Atlantico : Concernant les services de renseignement, nous avons tendance à regarder ce qui ne va pas et non ce qui est bien. Comment l’expliquer ? Comment sont organisés les services de renseignement ?

Alain Rodier : Il est normal que l’on regarde ce qui ne va pas car, si les échecs sont en partie connus, les succès restent dans le domaine du secret pendant de nombreuses années. C’est ainsi que l’opération Fortitude, qui consistait à tromper les Allemands sur le site du débarquement en 1944, n’a été connue en détail que dans les années 1970, lorsque toutes les archives furent rendues accessibles aux chercheurs et universitaires.

Et les réussites sont nombreuses. Si l’on prend le cas des éliminations ciblées (opération Homo et Arma), le résultat n’est que la partie visible d’opérations très complexes qui ont permis l’identification et la localisation exacte d’objectifs sensibles et protégés : la plupart des califes du groupe État islamique, les deux émirs d’Al-Qaïda et des centrifugeuses iraniennes (virus Stuxnet) l’ont compris à leurs dépens.

Si chaque pays a sa spécificité – par exemple les États-Unis comptent 18 agences de renseignement –, la majorité dispose globalement de services internes chargés du contre-espionnage, de la lutte contre le terrorisme et de la contre-intervention, de services externes dont la mission est la collecte de renseignements à l’étranger et de services techniques qui gérer toutes les informations d’origine électromagnétique, satellites, etc.

Il existe quelques exceptions comme le MIT turc qui dispose de compétences internes et externes.
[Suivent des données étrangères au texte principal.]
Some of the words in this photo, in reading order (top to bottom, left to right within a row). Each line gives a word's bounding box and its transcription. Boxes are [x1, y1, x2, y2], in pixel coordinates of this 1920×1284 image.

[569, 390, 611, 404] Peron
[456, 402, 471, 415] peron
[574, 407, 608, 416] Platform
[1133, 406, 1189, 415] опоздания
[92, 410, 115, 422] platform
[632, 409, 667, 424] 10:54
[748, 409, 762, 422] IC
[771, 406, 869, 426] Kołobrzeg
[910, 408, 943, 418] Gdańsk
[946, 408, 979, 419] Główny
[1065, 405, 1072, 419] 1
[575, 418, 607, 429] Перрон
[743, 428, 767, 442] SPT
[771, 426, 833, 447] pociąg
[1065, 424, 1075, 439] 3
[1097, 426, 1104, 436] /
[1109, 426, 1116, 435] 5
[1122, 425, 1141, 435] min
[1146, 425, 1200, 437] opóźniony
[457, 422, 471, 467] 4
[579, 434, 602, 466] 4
Il existe enfin le renseignement militaire destiné à informer les forces armées dans leur propre domaine.

A noter que dans les pays démocratiques, seuls les services de renseignement extérieurs sont autorisés à opérer en dehors des lois (des pays ciblés, mais aussi des lois nationales). Ceci est tempéré par le fait qu’ils sont contrôlés – a posteriori – par des commissions indépendantes.

Il est toutefois préférable que les opérateurs ne se coincent pas les doigts dans le pot de confiture. Ils sont généralement libérés par les responsables et les autorités intermédiaires « sautent » comme des fusibles (affaire Greenpeace).

Si l’intelligence dans sa totalité n’est généralement pas confiée à un seul homme, c’est parce que le pouvoir politique craint que ce gestionnaire surinformé ne devienne trop puissant et ne finisse par représenter pour lui un danger. Il pourrait avoir des dossiers sur tout et sur tout le monde…

Cependant, comme encore faut-il coordonner l’action de tous les services et qu’il n’y a pas de redondance et de gaspillage de budget, il existe un « coordinateur » du renseignement qui regroupe tous les « directeurs » mais il n’a pas de véritable autorité hiérarchique dans le sens strict du terme. Le seul responsable ultime des services de renseignement est la plus haute autorité de l’État. C’est aussi ce qui donne le pouvoir aux « directeurs » de services : en fin de compte, ils ne répondent qu’au chef de l’Etat.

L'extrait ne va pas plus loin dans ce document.